Archives et Bibliothèque de la Conférence Mennonite Suisse à la chapelle du Jean-Gui | © Jacques Berset

Sacerdoce de tous les croyants

En 1525 à Zurich, d’anciens collaborateurs de Zwingli commencent à baptiser des adultes. Prêchant l’idée de «sacerdoce de tous les croyants», rejetant l’adhésion obligatoire à l’institution ecclésiale dominante, ils critiquent l’alliance, qu’ils estiment néfaste, entre l’Eglise et les autorités. A l’image du Christ, ils refusent toute forme de violence, et par conséquent le service militaire et la défense armée. Le mouvement anabaptiste donnera naissance à l’Eglise mennonite, du nom de Menno Simons (1496-1561), dirigeant anabaptiste frison, aux Pays-Bas actuels.  

Depuis Tavannes, le grand bourg de la vallée de Tavannes, dans le Jura bernois, Michel Ummel, un «ancien» de la communauté mennonite du Sonnenberg (Mont-Soleil, au-dessus de Tramelan) nous conduit sur quatre ou cinq kilomètres à travers forêts et pâturages sur le Plateau de La Tanne, à plus de 1’000 mètres d’altitude.

A la chapelle du Jean-Gui

C’est là, à la chapelle du Jean-Gui, que se trouvent, au sous-sol, dans l’ancienne citerne, les Archives et Bibliothèque de la Conférence Mennonite Suisse (ABCMS). Il s’agit de quelque 1’000 écrits, documents et objets, témoins de 450 ans d’histoire des anabaptistes: bibles du XVIe siècle, décrets d’expulsion des anabaptistes, actes sur les querelles avec les réformés, lettre concernant la rupture avec les amish, une dissidence anabaptiste emmenée par le Bernois Jacob Amman, qui a essaimé aux Etats-Unis au début du XVIIIe siècle.

La chapelle du Jean-Gui abrite les Archives et la Bibliothèque de la Conférence Mennonite Suisse | © Jacques Berset

Responsable des Archives, Michel Ummel – qui a étudié l’histoire et la théologie à l’Université de Neuchâtel et à l’Associated Mennonite Biblical Seminary de Elkhart, dans l’Etat américain de l’Indiana – est un excellent connaisseur de l’histoire des anabaptistes. «Depuis 1650, Berne essaie de se débarrasser des anabaptistes, à Zurich il n’y en a déjà plus.

Au début du XVIIIe siècle, on assiste dans l’actuel Jura bernois à une arrivée massive d’anabaptistes chassés de Berne. C’étaient essentiellement des familles d’agriculteurs, et les autorités bernoises craignaient une insurrection de ces communautés rurales unies et riches en enfants. «Berne craignait les masses paysannes! Alors que les anabaptistes étaient forcés de partir, Berne accueillait les Huguenots chassés de France lors de la révocation de l’Edit de Nantes en 1685…»

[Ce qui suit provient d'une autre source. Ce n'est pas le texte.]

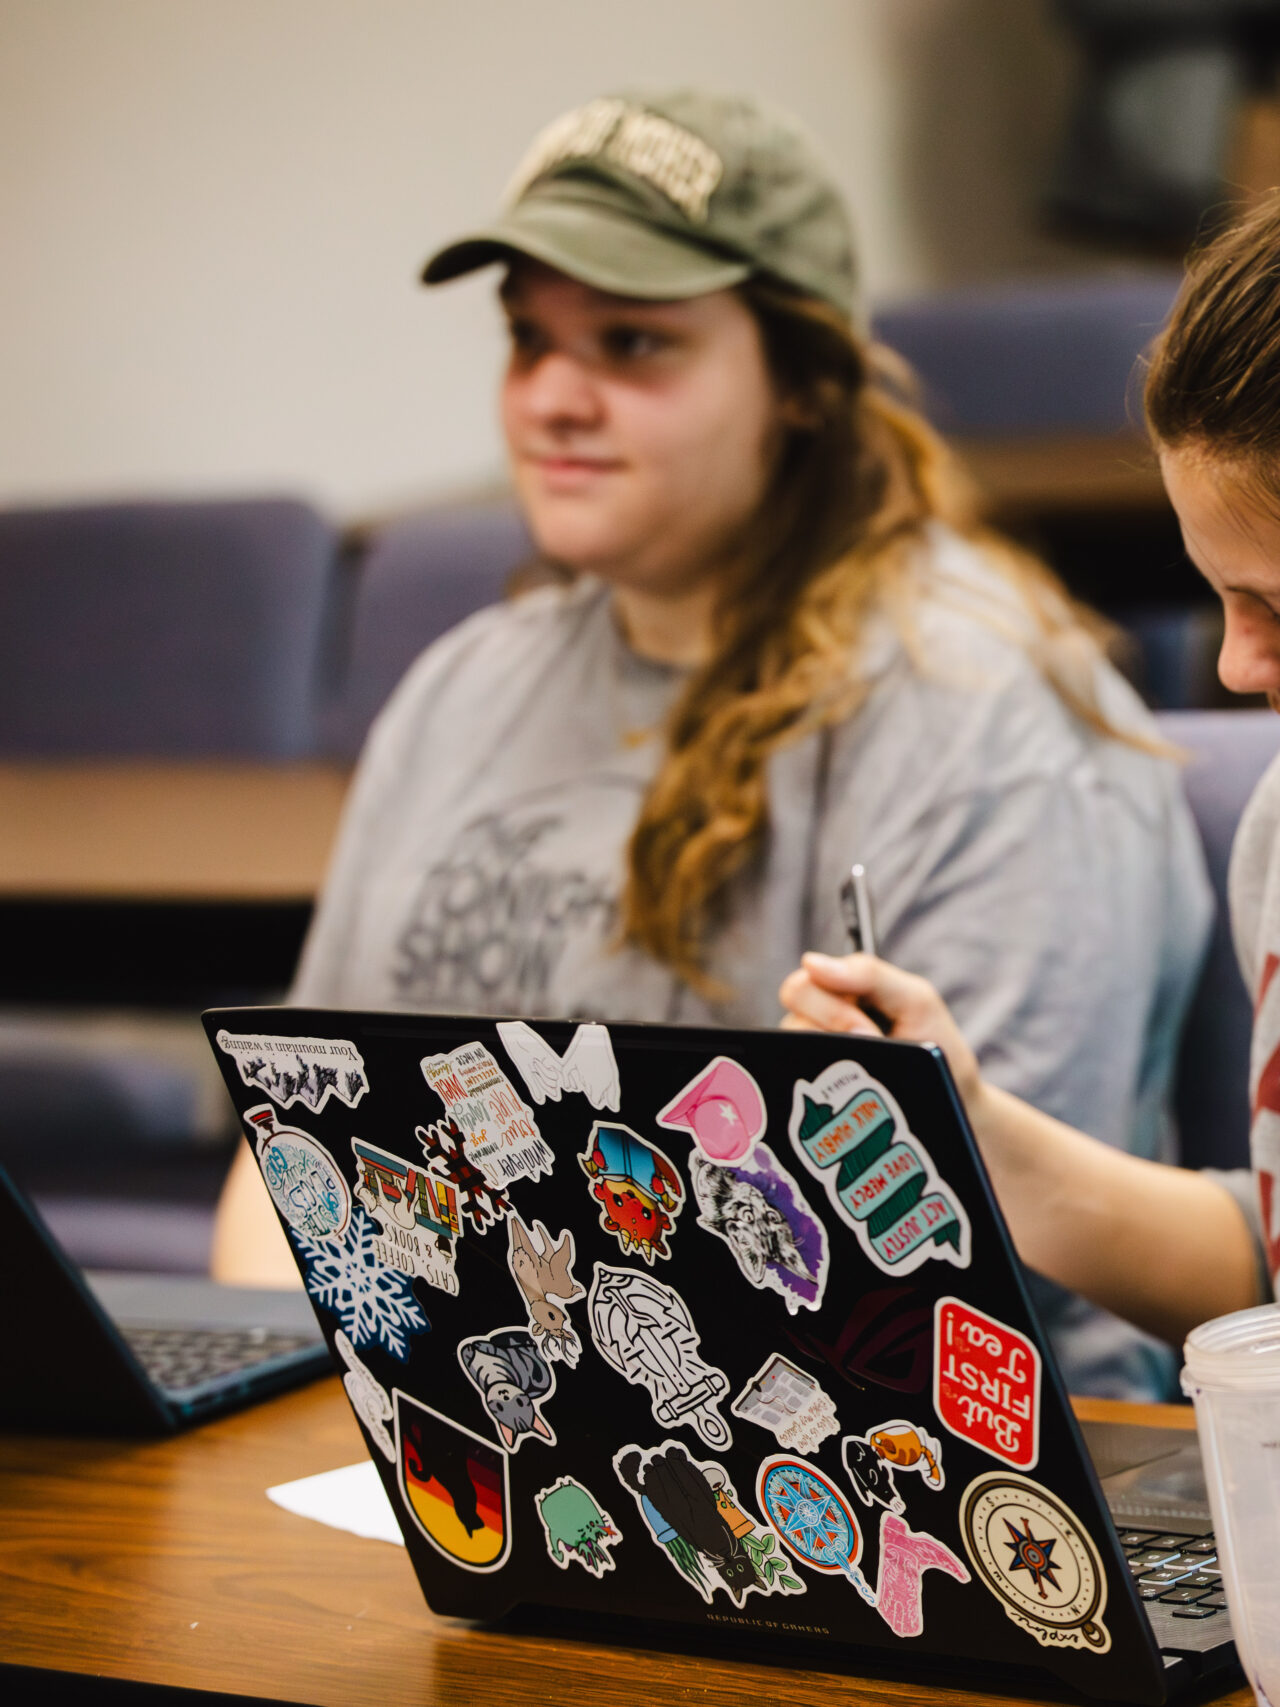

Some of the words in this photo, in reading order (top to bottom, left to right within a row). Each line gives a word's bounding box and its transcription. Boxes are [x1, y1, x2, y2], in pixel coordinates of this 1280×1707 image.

[221, 1036, 262, 1054] waiting
[264, 1042, 274, 1055] is
[275, 1043, 326, 1055] mountain
[330, 1046, 357, 1060] Your
[811, 1120, 852, 1162] HUMBLY
[883, 1152, 917, 1178] LOVE
[849, 1173, 889, 1211] MERCY
[921, 1198, 947, 1227] ACT
[385, 1223, 420, 1256] BOOKS
[424, 1243, 433, 1258] &
[882, 1215, 923, 1259] JUSTLY
[374, 1240, 415, 1275] COFFEE
[942, 1354, 1031, 1420] FIRST
[958, 1396, 1021, 1453] But
[707, 1613, 763, 1627] REPUBLIC
[782, 1623, 830, 1634] GAMERS
[1011, 1612, 1078, 1643] explore
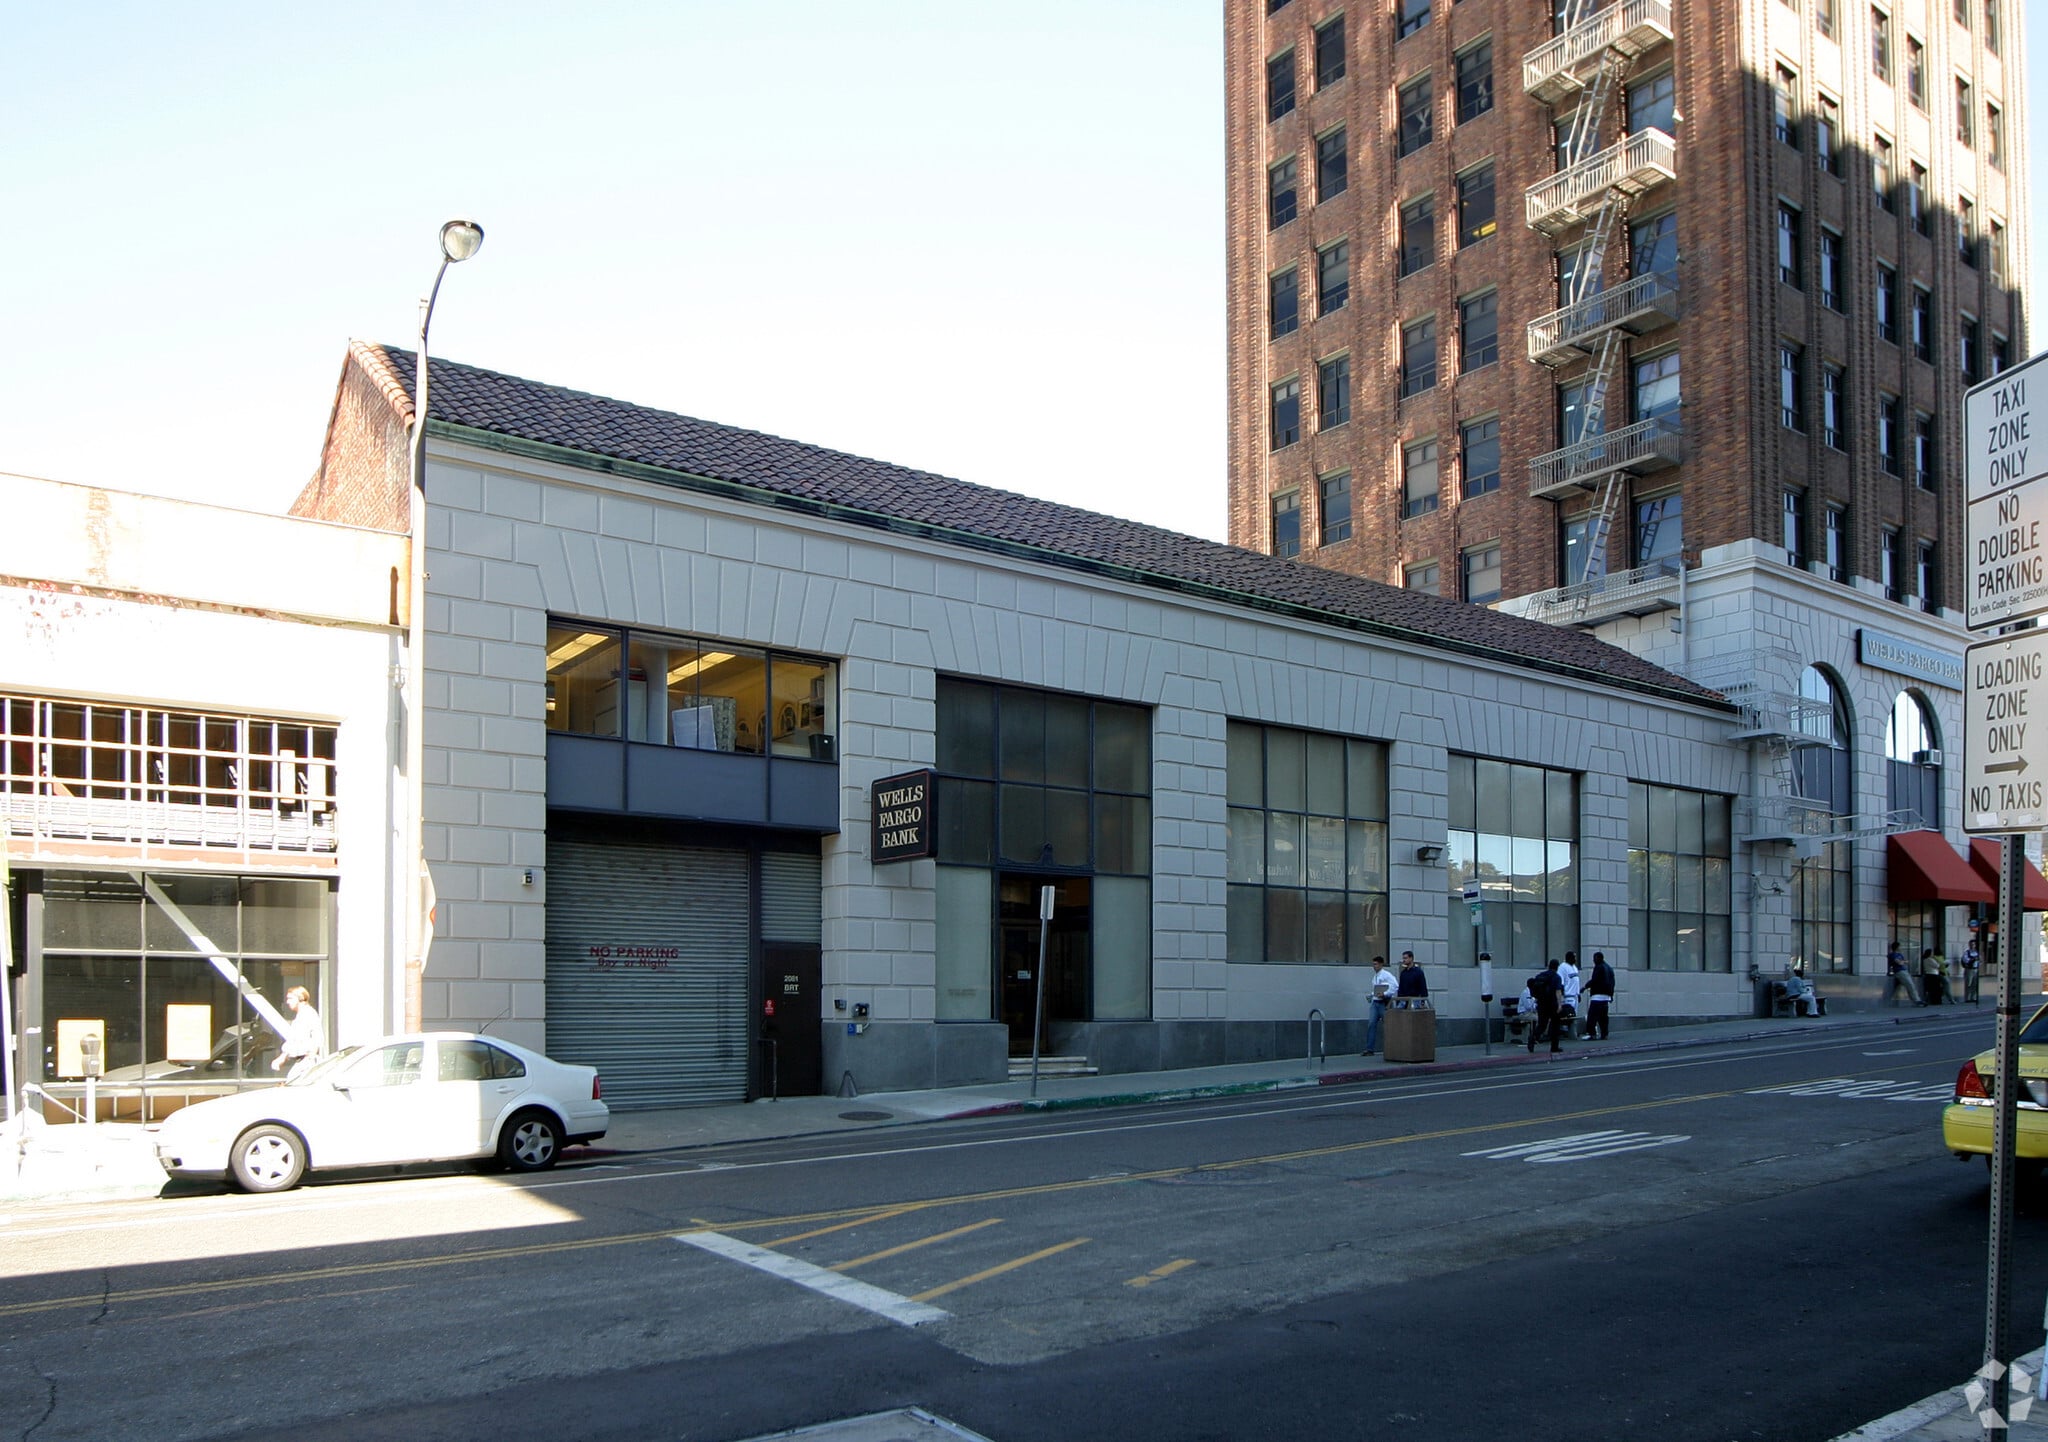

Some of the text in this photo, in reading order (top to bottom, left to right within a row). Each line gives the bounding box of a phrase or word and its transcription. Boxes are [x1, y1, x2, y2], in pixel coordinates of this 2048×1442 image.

Accueillis sur le territoire de l’ancien évêché de Bâle

Les réfugiés de Berne sont accueillis sur le territoire de l’ancien évêché de Bâle. Le prince évêque retiré dans son château de Porrentruy après la Réforme à Bâle exerce alors son autorité temporelle sur l’actuel Jura bernois, qui appartient à la principauté épiscopale. S’il les accueille sur son territoire – il est rival de Berne – l’évêque de Bâle édicte toutefois des interdits, comme l’obligation de discrétion ou l’interdit de tout prosélytisme.

Statistiques
Les anabaptistes font partie de l’Eglise mennonite, qui comptait près de 2 millions de croyants baptisés dans 86 pays, selon la Conférence Mennonite Mondiale (CMM), qui est une communauté d’Eglises anabaptistes. En 2012, la Suisse dénombrait quatorze communautés mennonites regroupant moins de 2’500 membres dans les cantons de Berne, Bâle-Ville, Bâle-Campagne, Neuchâtel et Jura. La Conférence Mennonite Suisse (CMS) relie les 13 églises mennonites existantes en Suisse. En Suisse romande, les lieux de culte mennonites se trouvent aujourd’hui sur les hauteurs ou à l’écart des cités (Les Bulles, La Chaux-d’Abel, Les Mottes, Le Jean Gui, Moron), comme dans les vallées et au pied du Jura (Bienne-Brügg, Cormoret, Tramelan, Tavannes, Moutier, Bassecourt, Courgenay). JB

«A un moment donné, les émigrés formeront le 30 % de la population de Sonceboz. Ils allèrent s’établir en altitude, sur les hauteurs de la chaîne jurassienne, dans les métairies isolées, qui n’étaient pas occupées toute l’année, et qui étaient en partie en friche. Comme c’étaient d’excellents agriculteurs, et qu’ils payaient locations et taxes, l’élite voulait les garder, alors que dans les années 1730, des communes des vallées jurassiennes demandaient leur expulsion auprès du prince-évêque. Les paysans locaux dénonçaient une concurrence économique et, plus que leurs croyances religieuses, c’étaient les redevances élevées qu’ils payaient aux propriétaires de métairies qui provoquaient ces pétitions».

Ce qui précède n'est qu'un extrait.